The reasons for the breakdown of this marriage are apparent. During the marriage the defendant husband demonstrated a problem with excessive alcohol consumption and persistent unexplained absences from the family overnight. This habitual intemperate behavior was without regard to its effect on his wife and their children. When he was drinking the defendant CT Page 10075 was verbally abusive to his wife and their older teenage son.
The defendant husband's behavior during the pendency of this dissolution action was obstreperous and, at times, malicious. During the almost two year period of time while the defendant, his girlfriend and her children were occupying the marital residence, the defendant: failed to pay the mortgage insurance and real estate taxes, failed to maintain the home and yard in reasonable condition, and purposely destroyed the foreclosure sign. He remained in the marital residence, continuing to contribute actively to its financial and physical decay, until finally signing an agreement to vacate the home on the day of the court hearing. The defendant husband has failed to file four years of federal tax returns in a timely fashion (it may be the case that a 1997 federal tax return was filed in 2002; the defendant couldn't recollect). The defendant's wilful long-term disregard of his federal tax obligation has resulted in the IRS seizure, over the last several years, of the plaintiff wife's tax refunds. The defendant's duplicitous behavior is exemplified by at least three additional situations testified to at trial. He has resided in subsidized housing since August 2000 with no credible proof provided of his being added to the lease agreement between the housing authority and his girlfriend. The defendant continued to collect state unemployment income while earning thousands of dollars employed full-time by Flor Tex as a subcontractor. Finally, the defendant unilaterally: liquidated his retirement fund during the pendency of the divorce and sold the couple's remaining personal property.
Orders
This is a relatively long-term marriage of twenty-two years. Both parties are at the stage in life that their ability to significantly increase their current earnings is limited. The defendant husband's current income is over twice the plaintiff wife's. His income is likely to remain at this level; the plaintiff's income is likely to rise modestly. Both parties are in fairly stable live-in relationships. In the defendant's relationship he enjoys extraordinarily state subsidized housing expenses; the plaintiff's relationship provides her a substantial contribution to nonsubsidized living expenses. The wife has not been part of the workforce for most of the marriage by choice of both parties; it will take her several years to overcome that lost experience. The husband is at the peak of his earnings potential. The plaintiff has been, and continues to be, burdened with the effects of the defendant's acknowledged avoidance of his federal income tax obligations. There is a lien on the plaintiff's property representing the defendant's business credit card balance. The plaintiff paid the mortgage and taxes and insurance on the marital residence for several months while the defendant was residing there actively [un]managing the marital property towards CT Page 10076 foreclosure. The defendant removed personal property from the marital residence. The defendant liquidated his retirement annuity. The plaintiff has unnecessarily incurred legal costs and fees related to the defendant's destructive and disingenuous behavior during the pendency of the break up of their defendant's destructive and disingenuous behavior during the pendency of the break up of their marriage.

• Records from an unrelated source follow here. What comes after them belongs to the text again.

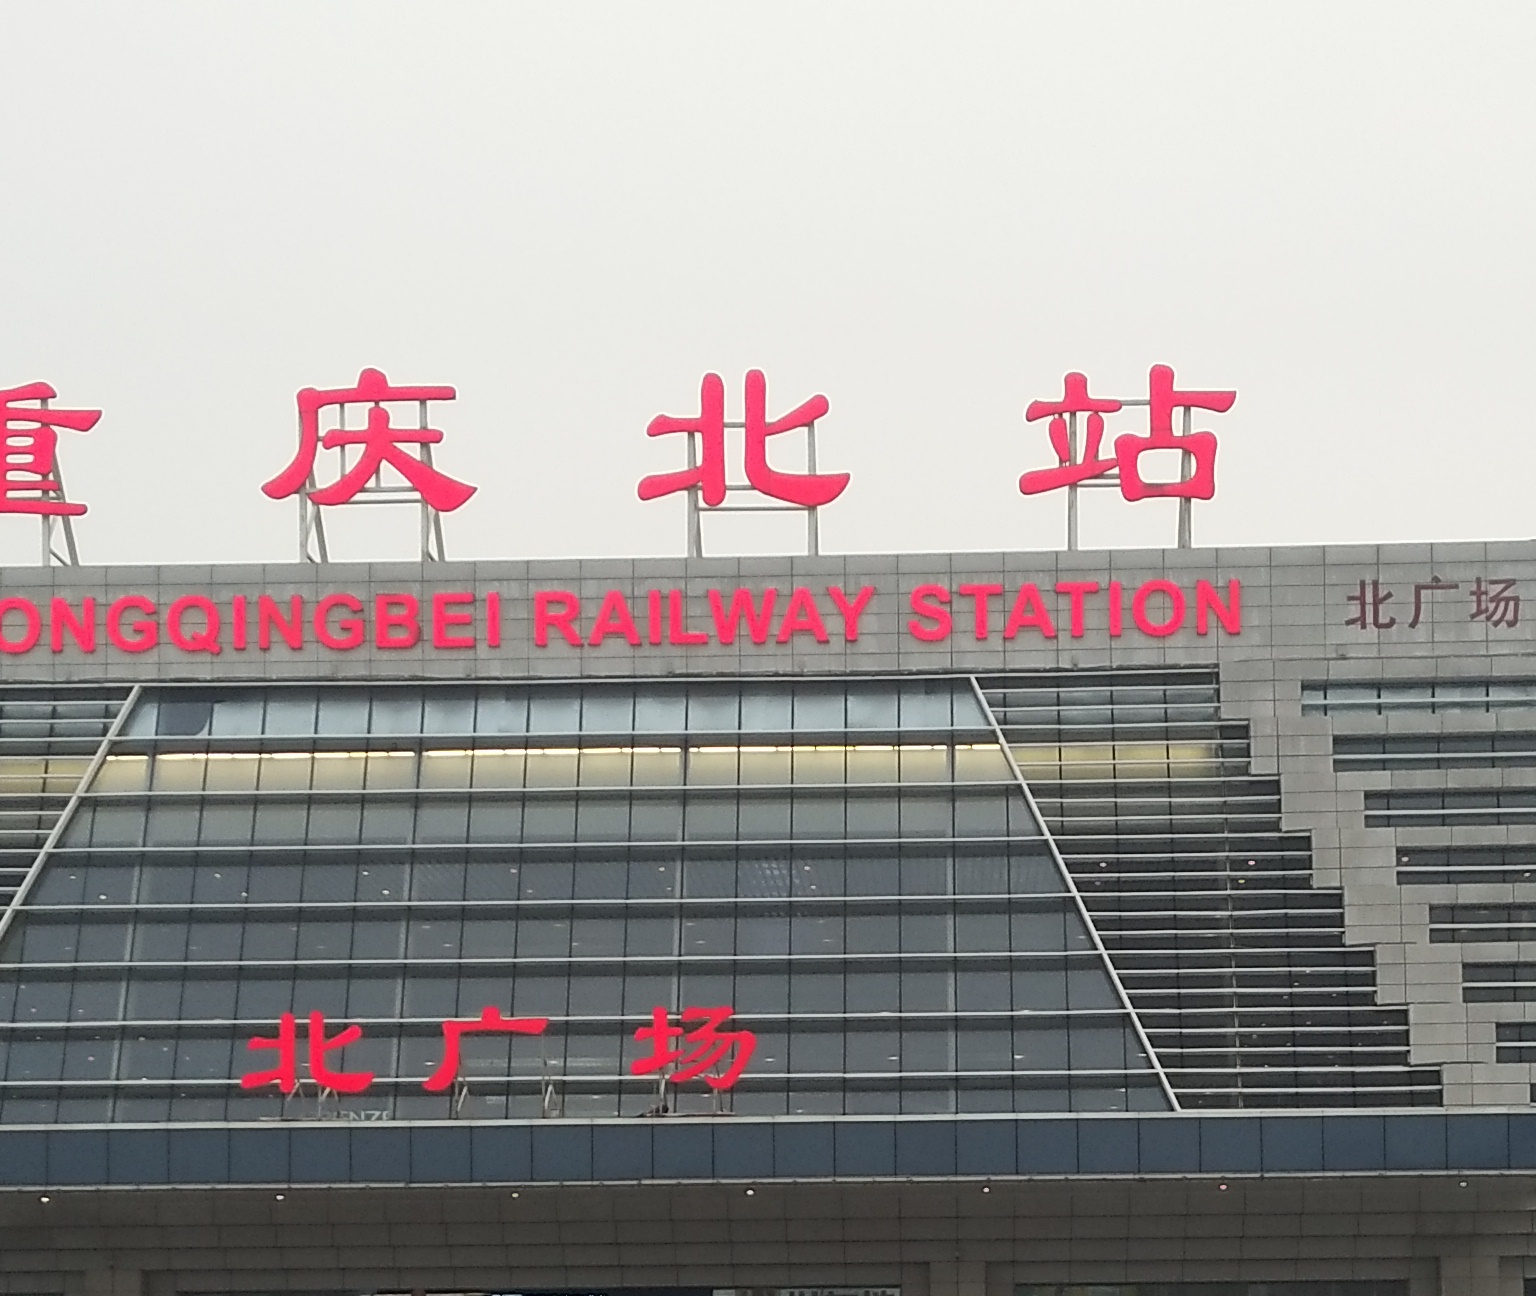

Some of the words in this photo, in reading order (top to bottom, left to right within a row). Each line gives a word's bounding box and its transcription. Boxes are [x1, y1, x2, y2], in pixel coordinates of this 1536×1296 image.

[533, 584, 875, 648] RAILWAY
[908, 578, 1242, 644] STATION
[1344, 575, 1521, 630] 北广场
[240, 1006, 757, 1093] 北广场
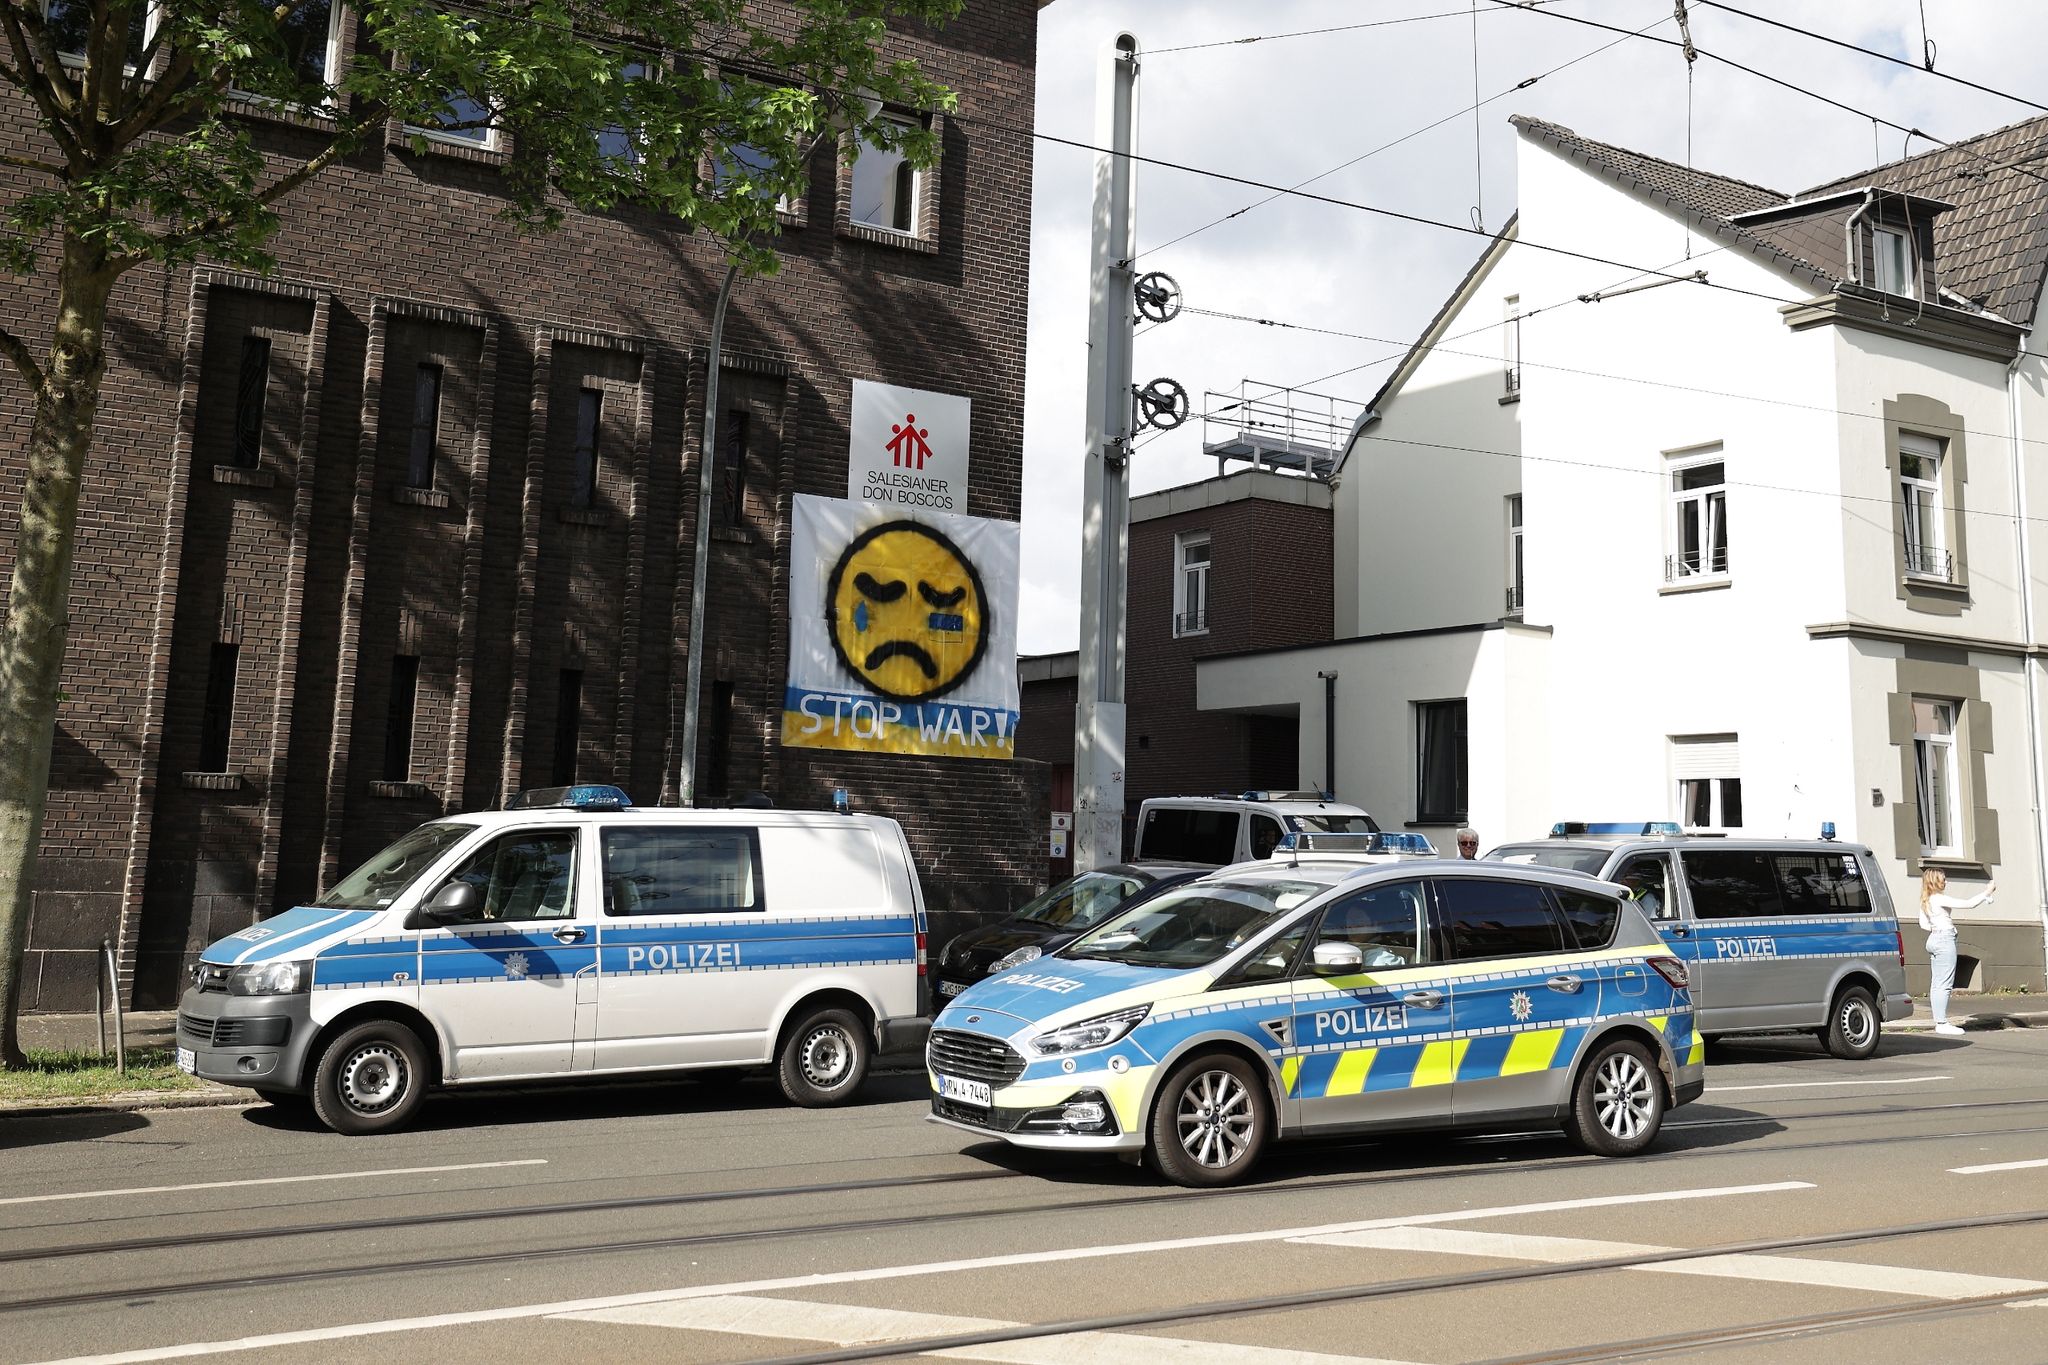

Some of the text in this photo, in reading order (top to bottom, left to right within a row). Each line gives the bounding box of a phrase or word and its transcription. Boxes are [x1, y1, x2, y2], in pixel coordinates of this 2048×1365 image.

[867, 470, 949, 493] SALESIANER
[862, 485, 953, 509] DON BOSCOS
[800, 693, 1010, 748] STOP WAR!
[628, 943, 741, 970] POLIZEI
[1713, 936, 1777, 958] POLIZEI
[991, 973, 1086, 994] POLIZEI
[1315, 1005, 1408, 1037] POLIZEI
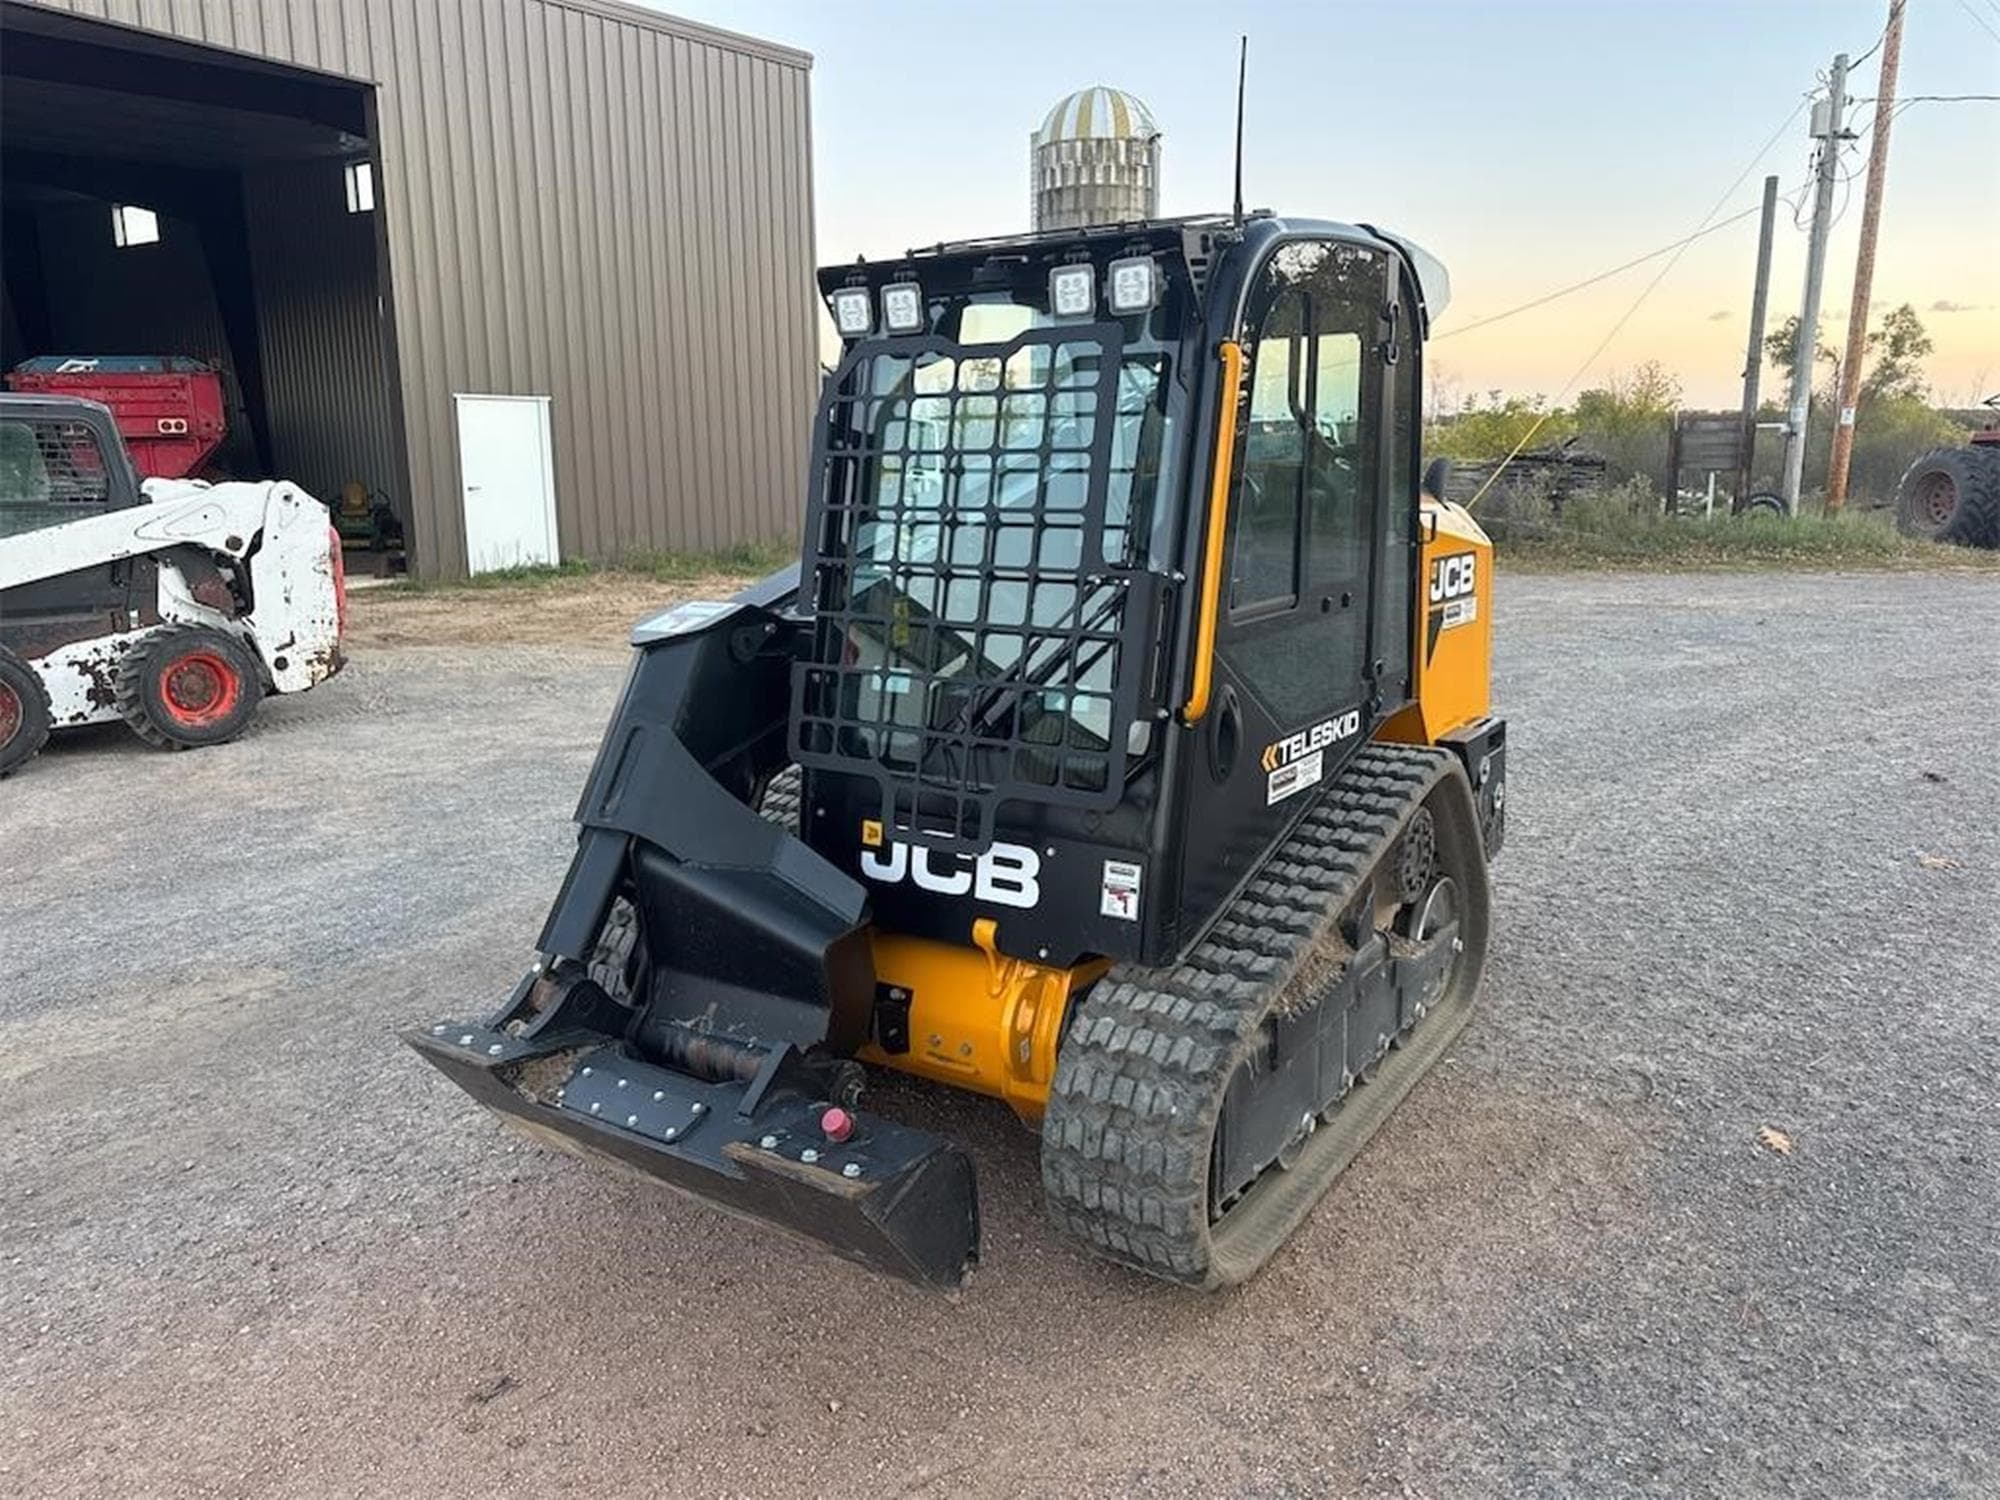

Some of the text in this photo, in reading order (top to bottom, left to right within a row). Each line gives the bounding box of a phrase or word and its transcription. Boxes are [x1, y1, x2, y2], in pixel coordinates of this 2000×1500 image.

[1431, 554, 1475, 601] JCB
[1279, 710, 1359, 765] TELESKID
[861, 826, 1040, 909] JCB

Thus after taking into account all of the criteria and factors set forth in § 46b-62, § 46b-81, and § 46b-82, and applying the same to the evidence, the court enters the following orders:
  1. A decree is entered dissolving the marriage of the parties on the basis of irretrievable breakdown.
  2. The parties will share joint legal custody of the minor child, primary residence with the plaintiff mother, subject to reasonable rights of parenting and visitation to the defendant father.
  3. The defendant shall pay to the plaintiff current child support in the amount of $150.00 per week for the minor child Stephanie A. Mc Cauliff, born February 1, 1990. Child support shall be governed by the orders in the matter of Sheryl Mc Cauliff vs. Stephen Mc Cauliff, Docket Number FA 98 0068393 S, including periodic payment on arrears owed to the plaintiff or the State of Connecticut.
  4. The defendant shall pay the plaintiff a lump sum alimony in the amount of $21,600, payable in monthly installments of $300.00 commencing September 1, 2002. Said alimony installments shall not terminate upon the remarriage of the plaintiff. Said alimony installments shall terminate upon the death of the plaintiff. Upon payment in full of the alimony obligation hereunder, the plaintiff shall hold the defendant harmless on the outstanding 1994 and 1995 income tax liabilities. There shall be no periodic alimony to either party, now or in the future. The payment of the lump sum alimony by the defendant and its receipt by the plaintiff shall not be considered a substantial change in circumstances under the child support guidelines.
5. The defendant shall obtain and maintain life CT Page 10077 insurance coverage on his life in the face amount of not less than $100,000, for so long as he has a duty to pay lump sum alimony in installments and/or child support, and he shall name the plaintiff as beneficiary thereon. The defendant shall provide annual proof of said life insurance coverage upon written request of the plaintiff.
  6. The plaintiff shall be entitled to claim the minor child, Stephanie, as an exemption for state and federal income tax purposes.
  7. The plaintiff and defendant both shall maintain medical and dental insurance for the benefit of the minor child as may be available at reasonable cost through their employer or the Husky plan. All unreimbursed medical, dental, optical, orthodontic,, pharmaceutical, psychological and other related expenses for benefit of the minor children shall be split as follows: 25% to the plaintiff and 75% to the defendant, pursuant to the child support guidelines.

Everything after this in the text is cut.